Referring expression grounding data
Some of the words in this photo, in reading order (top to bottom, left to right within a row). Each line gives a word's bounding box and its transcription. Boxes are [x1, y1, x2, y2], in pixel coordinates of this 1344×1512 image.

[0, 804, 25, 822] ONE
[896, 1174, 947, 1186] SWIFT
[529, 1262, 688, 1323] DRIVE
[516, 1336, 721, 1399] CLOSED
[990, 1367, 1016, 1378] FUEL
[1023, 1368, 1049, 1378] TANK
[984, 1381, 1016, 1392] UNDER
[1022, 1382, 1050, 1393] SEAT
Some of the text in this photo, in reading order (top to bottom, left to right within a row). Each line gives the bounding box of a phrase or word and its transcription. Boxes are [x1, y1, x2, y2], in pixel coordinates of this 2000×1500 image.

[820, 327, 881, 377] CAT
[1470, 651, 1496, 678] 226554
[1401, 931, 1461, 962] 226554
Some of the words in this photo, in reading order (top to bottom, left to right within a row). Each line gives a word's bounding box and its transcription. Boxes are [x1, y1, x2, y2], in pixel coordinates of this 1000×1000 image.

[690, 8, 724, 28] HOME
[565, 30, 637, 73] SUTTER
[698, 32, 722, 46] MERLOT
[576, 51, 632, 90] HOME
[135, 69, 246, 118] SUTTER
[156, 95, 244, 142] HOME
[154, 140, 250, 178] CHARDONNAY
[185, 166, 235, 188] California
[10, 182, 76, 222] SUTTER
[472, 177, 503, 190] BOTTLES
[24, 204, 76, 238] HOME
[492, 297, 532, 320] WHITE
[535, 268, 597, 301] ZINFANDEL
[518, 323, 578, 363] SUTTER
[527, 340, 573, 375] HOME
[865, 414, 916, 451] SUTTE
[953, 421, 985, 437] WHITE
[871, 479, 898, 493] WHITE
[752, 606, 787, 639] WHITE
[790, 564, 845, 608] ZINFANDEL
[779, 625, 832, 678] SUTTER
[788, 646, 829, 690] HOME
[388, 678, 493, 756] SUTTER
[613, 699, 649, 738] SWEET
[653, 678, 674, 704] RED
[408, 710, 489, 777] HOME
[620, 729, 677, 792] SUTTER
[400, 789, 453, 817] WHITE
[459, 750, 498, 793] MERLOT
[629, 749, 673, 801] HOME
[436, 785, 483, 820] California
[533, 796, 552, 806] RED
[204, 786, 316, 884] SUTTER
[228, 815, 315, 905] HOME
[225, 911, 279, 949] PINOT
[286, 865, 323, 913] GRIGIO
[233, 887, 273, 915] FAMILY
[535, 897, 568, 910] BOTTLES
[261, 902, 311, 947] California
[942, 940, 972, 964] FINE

What needs to be done => Restate the data above exactly, keeping each word as it stands.

Task output =>
Some of the words in this photo, in reading order (top to bottom, left to right within a row). Each line gives a word's bounding box and its transcription. Boxes are [x1, y1, x2, y2], in pixel coordinates of this 1344×1512 image.

[0, 804, 25, 822] ONE
[896, 1174, 947, 1186] SWIFT
[529, 1262, 688, 1323] DRIVE
[516, 1336, 721, 1399] CLOSED
[990, 1367, 1016, 1378] FUEL
[1023, 1368, 1049, 1378] TANK
[984, 1381, 1016, 1392] UNDER
[1022, 1382, 1050, 1393] SEAT
Some of the text in this photo, in reading order (top to bottom, left to right within a row). Each line gives the bounding box of a phrase or word and its transcription. Boxes are [x1, y1, x2, y2], in pixel coordinates of this 2000×1500 image.

[820, 327, 881, 377] CAT
[1470, 651, 1496, 678] 226554
[1401, 931, 1461, 962] 226554
Some of the words in this photo, in reading order (top to bottom, left to right within a row). Each line gives a word's bounding box and its transcription. Boxes are [x1, y1, x2, y2], in pixel coordinates of this 1000×1000 image.

[690, 8, 724, 28] HOME
[565, 30, 637, 73] SUTTER
[698, 32, 722, 46] MERLOT
[576, 51, 632, 90] HOME
[135, 69, 246, 118] SUTTER
[156, 95, 244, 142] HOME
[154, 140, 250, 178] CHARDONNAY
[185, 166, 235, 188] California
[10, 182, 76, 222] SUTTER
[472, 177, 503, 190] BOTTLES
[24, 204, 76, 238] HOME
[492, 297, 532, 320] WHITE
[535, 268, 597, 301] ZINFANDEL
[518, 323, 578, 363] SUTTER
[527, 340, 573, 375] HOME
[865, 414, 916, 451] SUTTE
[953, 421, 985, 437] WHITE
[871, 479, 898, 493] WHITE
[752, 606, 787, 639] WHITE
[790, 564, 845, 608] ZINFANDEL
[779, 625, 832, 678] SUTTER
[788, 646, 829, 690] HOME
[388, 678, 493, 756] SUTTER
[613, 699, 649, 738] SWEET
[653, 678, 674, 704] RED
[408, 710, 489, 777] HOME
[620, 729, 677, 792] SUTTER
[400, 789, 453, 817] WHITE
[459, 750, 498, 793] MERLOT
[629, 749, 673, 801] HOME
[436, 785, 483, 820] California
[533, 796, 552, 806] RED
[204, 786, 316, 884] SUTTER
[228, 815, 315, 905] HOME
[225, 911, 279, 949] PINOT
[286, 865, 323, 913] GRIGIO
[233, 887, 273, 915] FAMILY
[535, 897, 568, 910] BOTTLES
[261, 902, 311, 947] California
[942, 940, 972, 964] FINE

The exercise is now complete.